-------- Records for processing --------

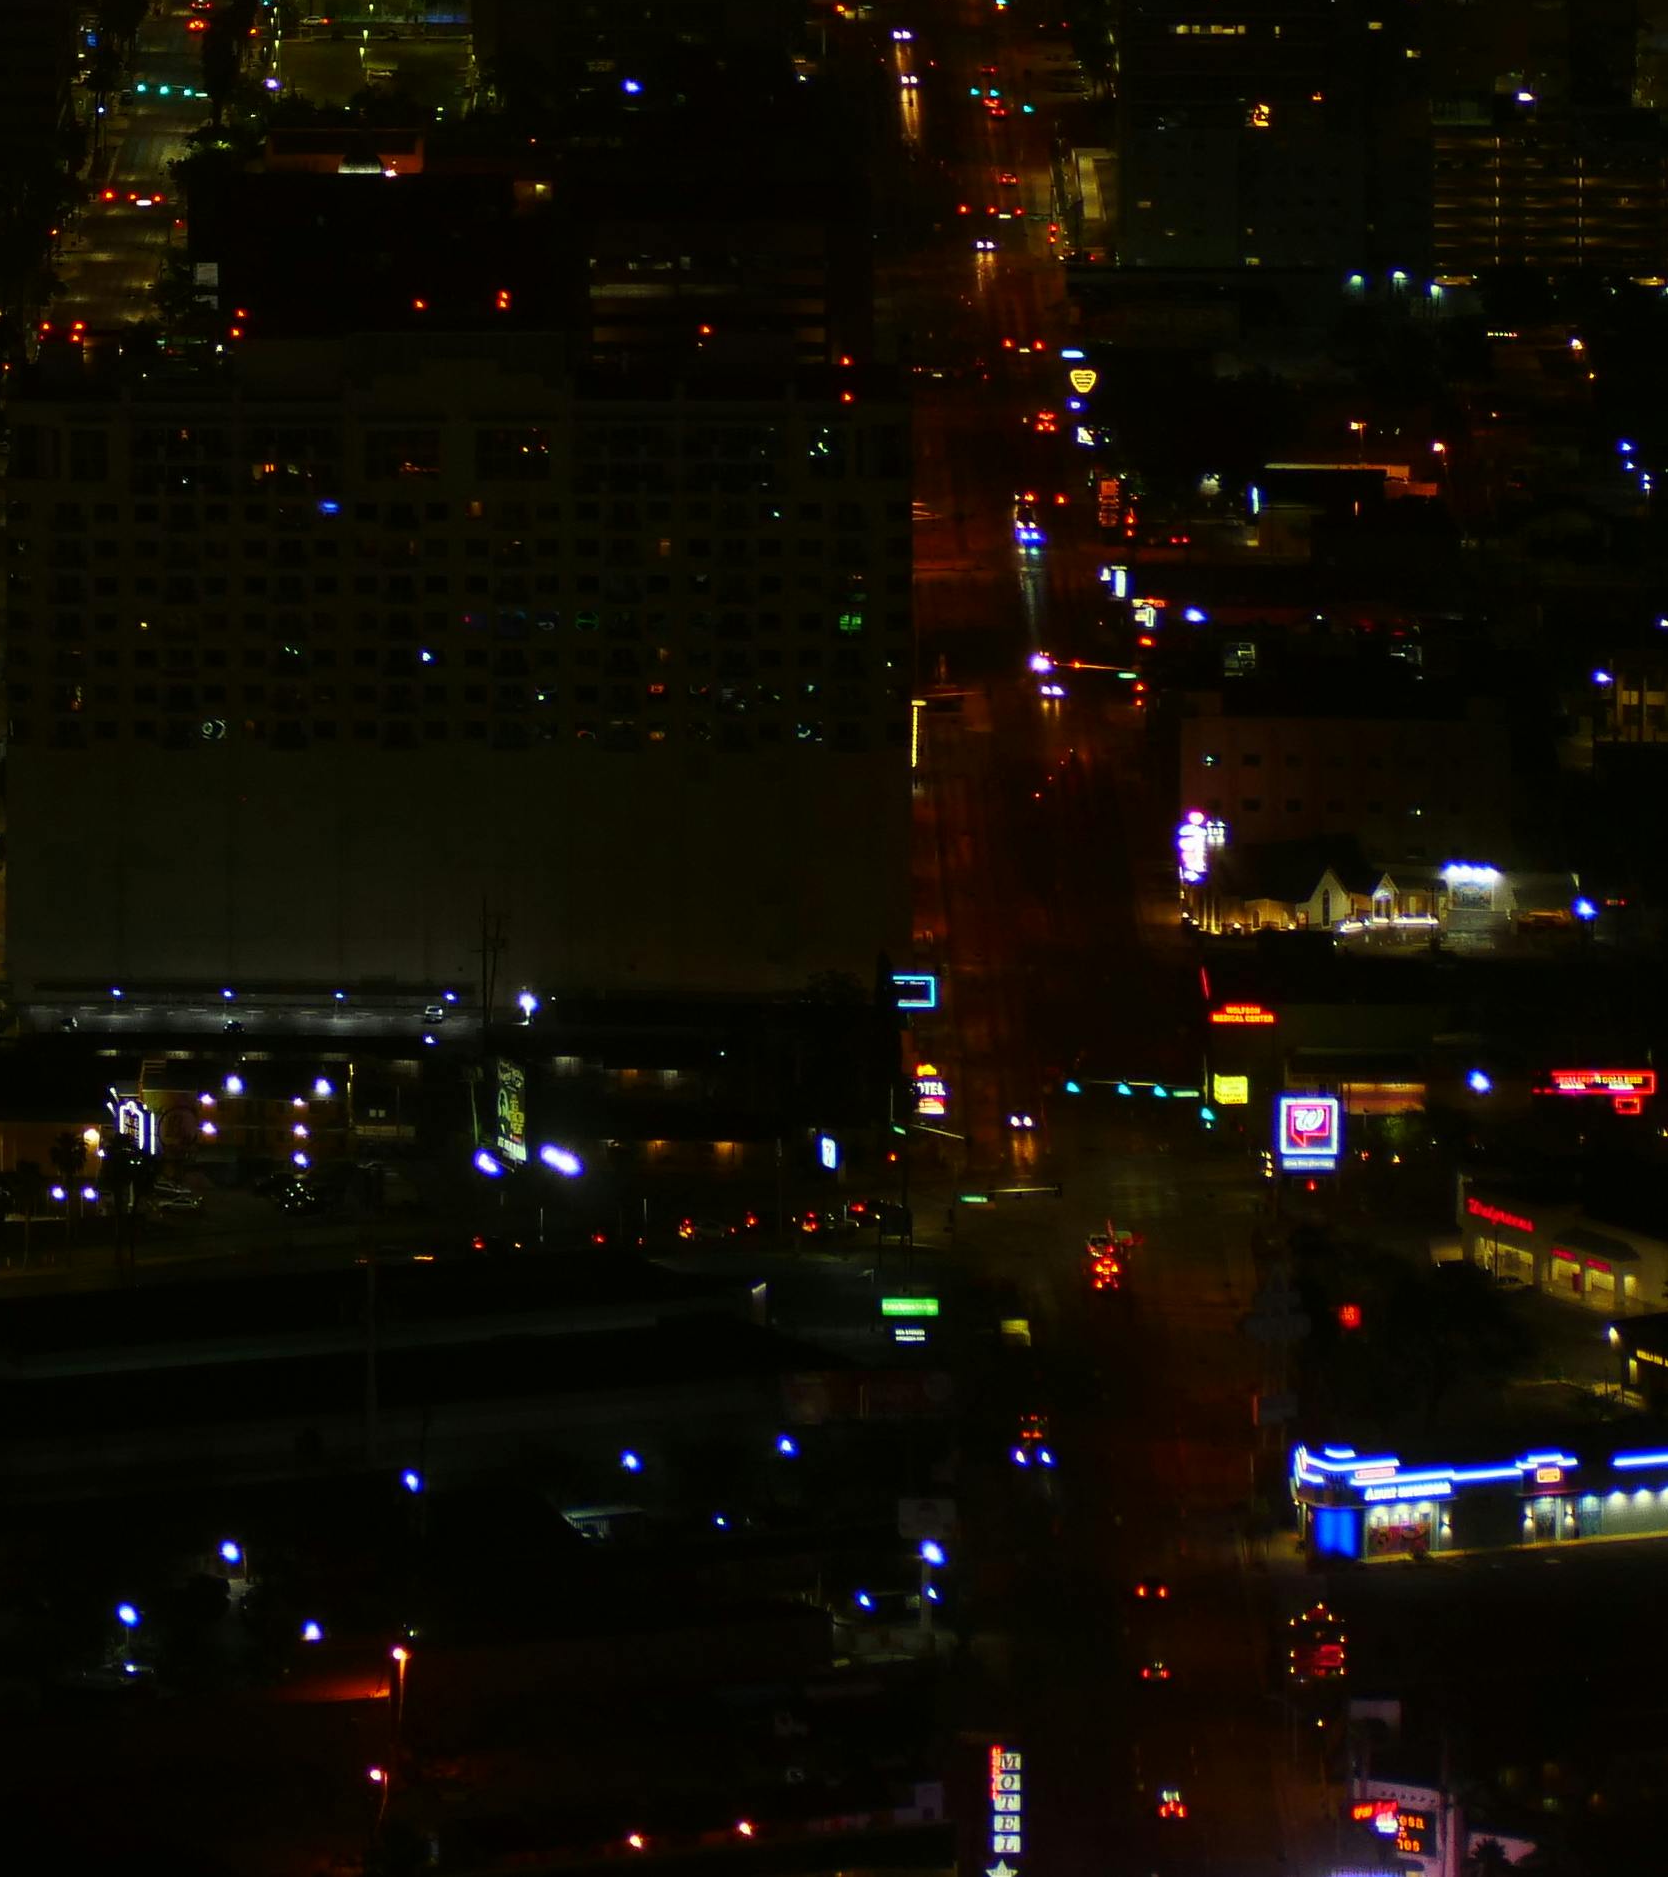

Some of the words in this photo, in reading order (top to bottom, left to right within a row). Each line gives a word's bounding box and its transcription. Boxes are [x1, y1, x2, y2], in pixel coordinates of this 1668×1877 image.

[1245, 1015, 1273, 1023] CENTER
[1467, 1197, 1535, 1233] Walgreens
[1000, 1754, 1018, 1852] MOTEL
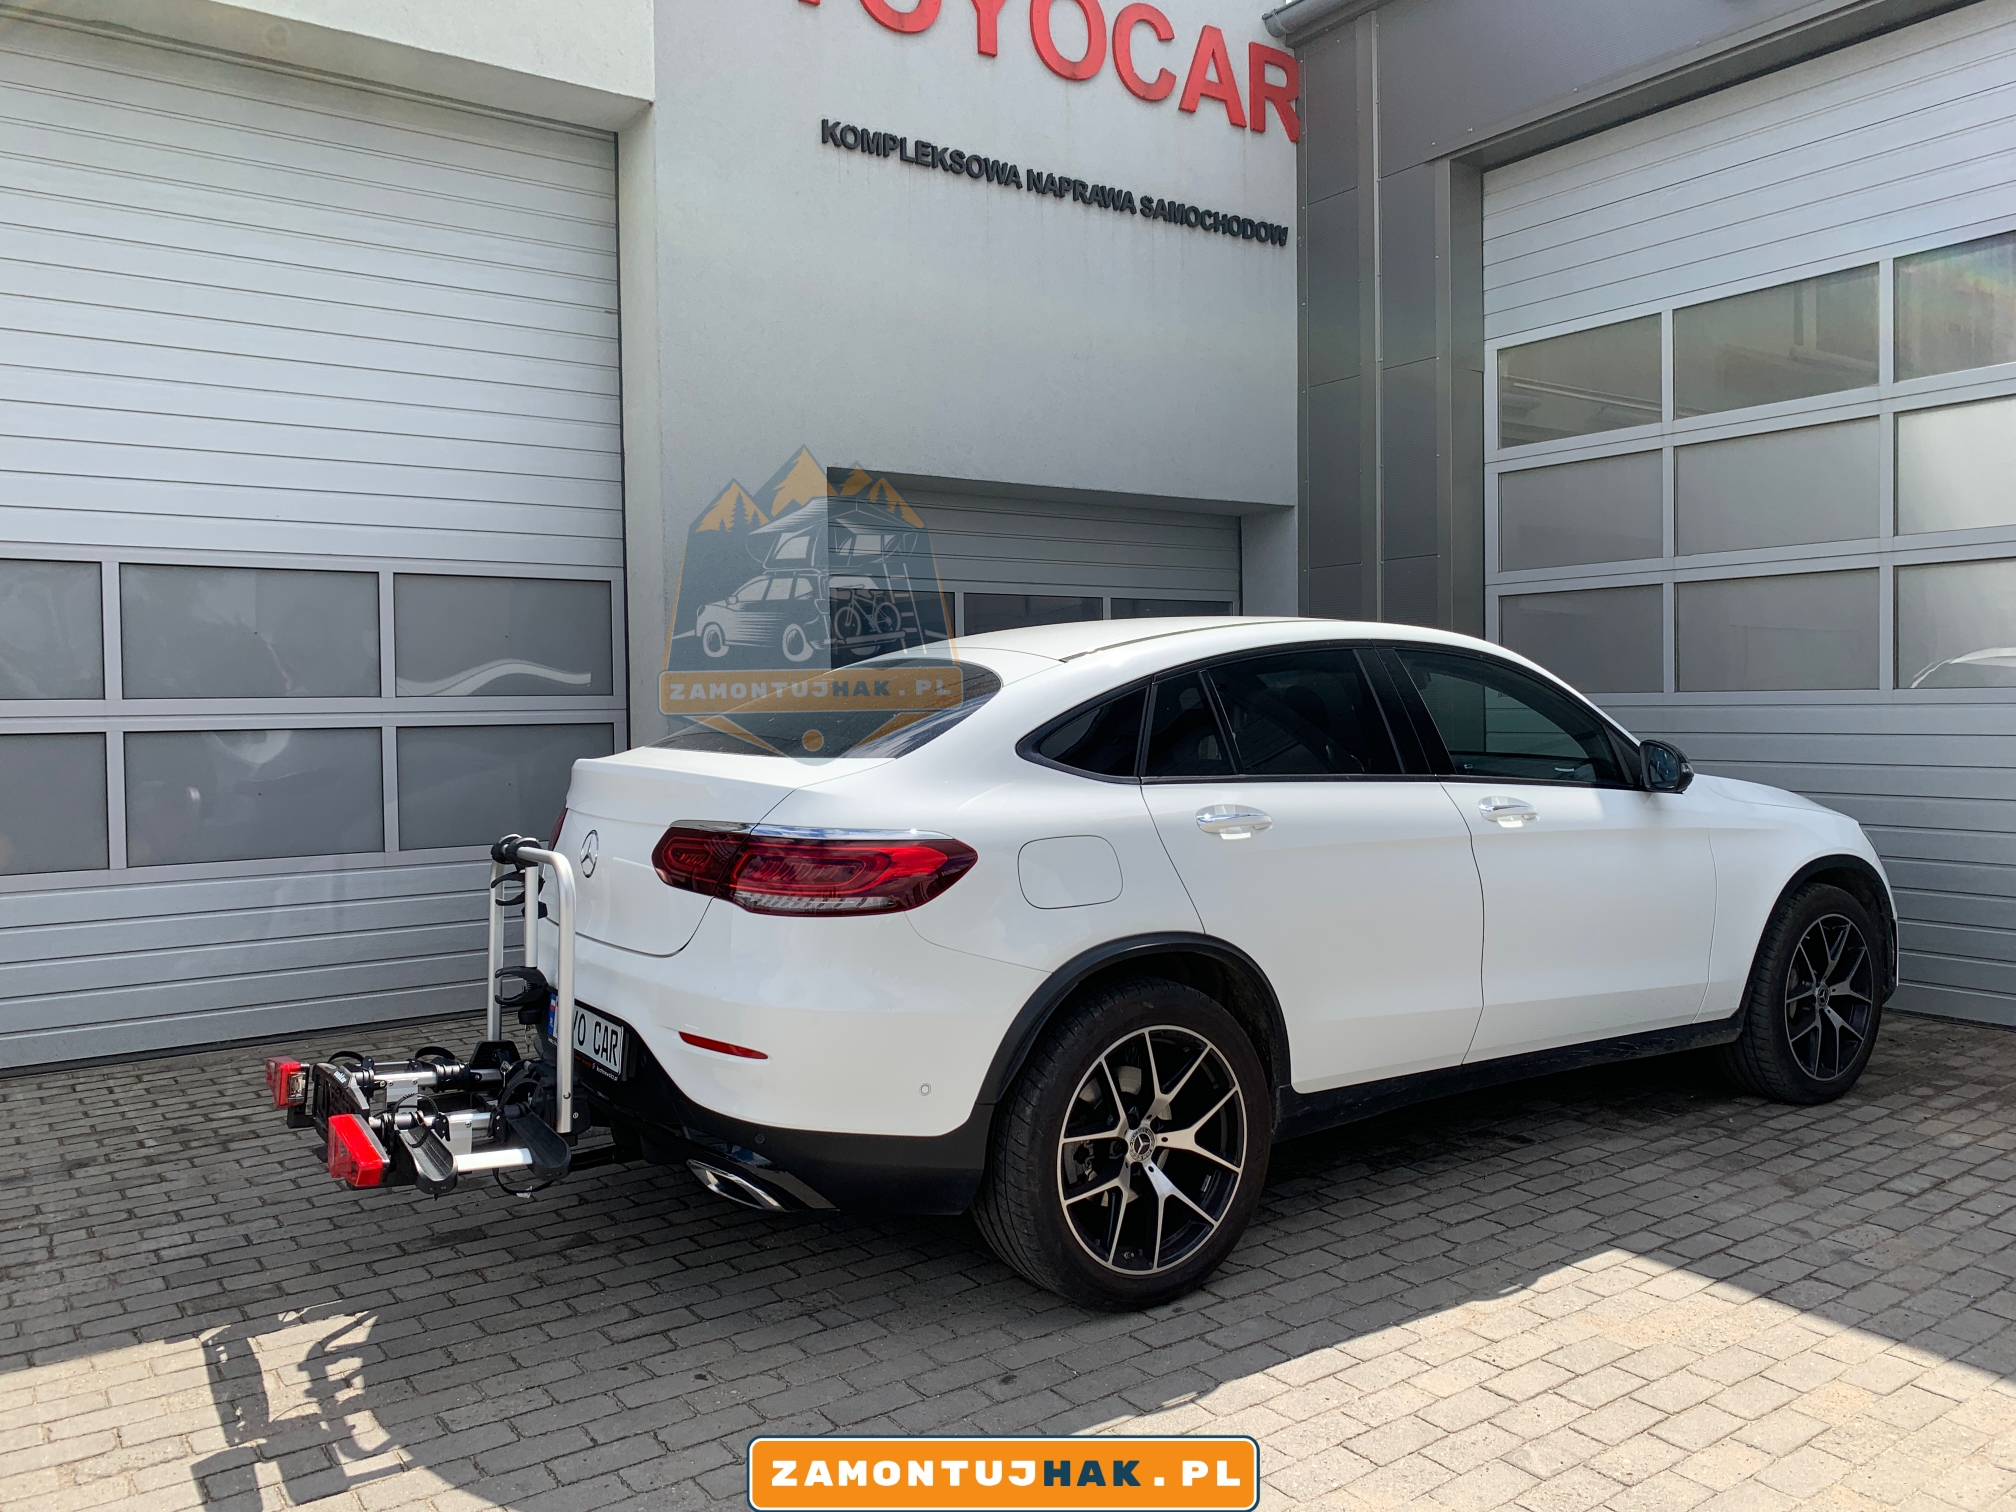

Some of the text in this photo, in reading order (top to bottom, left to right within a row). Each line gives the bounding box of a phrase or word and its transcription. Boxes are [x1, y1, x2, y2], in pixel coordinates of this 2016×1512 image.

[798, 0, 1301, 142] YOCAR
[821, 118, 1022, 189] KOMPLEKSOWA
[1026, 168, 1136, 214] NAPRAWA
[593, 1020, 618, 1067] CAR

--------

**Work instruction**: Everything in the records above should be printed again exactly, except the pictures.

**Written solution**:
Some of the words in this photo, in reading order (top to bottom, left to right within a row). Each line gives a word's bounding box and its transcription. Boxes are [x1, y1, x2, y2], in pixel coordinates of this 1668×1877 image.

[1245, 1015, 1273, 1023] CENTER
[1467, 1197, 1535, 1233] Walgreens
[1000, 1754, 1018, 1852] MOTEL

Some of the text in this photo, in reading order (top to bottom, left to right within a row). Each line gives the bounding box of a phrase or word and its transcription. Boxes are [x1, y1, x2, y2], in pixel coordinates of this 2016×1512 image.

[798, 0, 1301, 142] YOCAR
[821, 118, 1022, 189] KOMPLEKSOWA
[1026, 168, 1136, 214] NAPRAWA
[593, 1020, 618, 1067] CAR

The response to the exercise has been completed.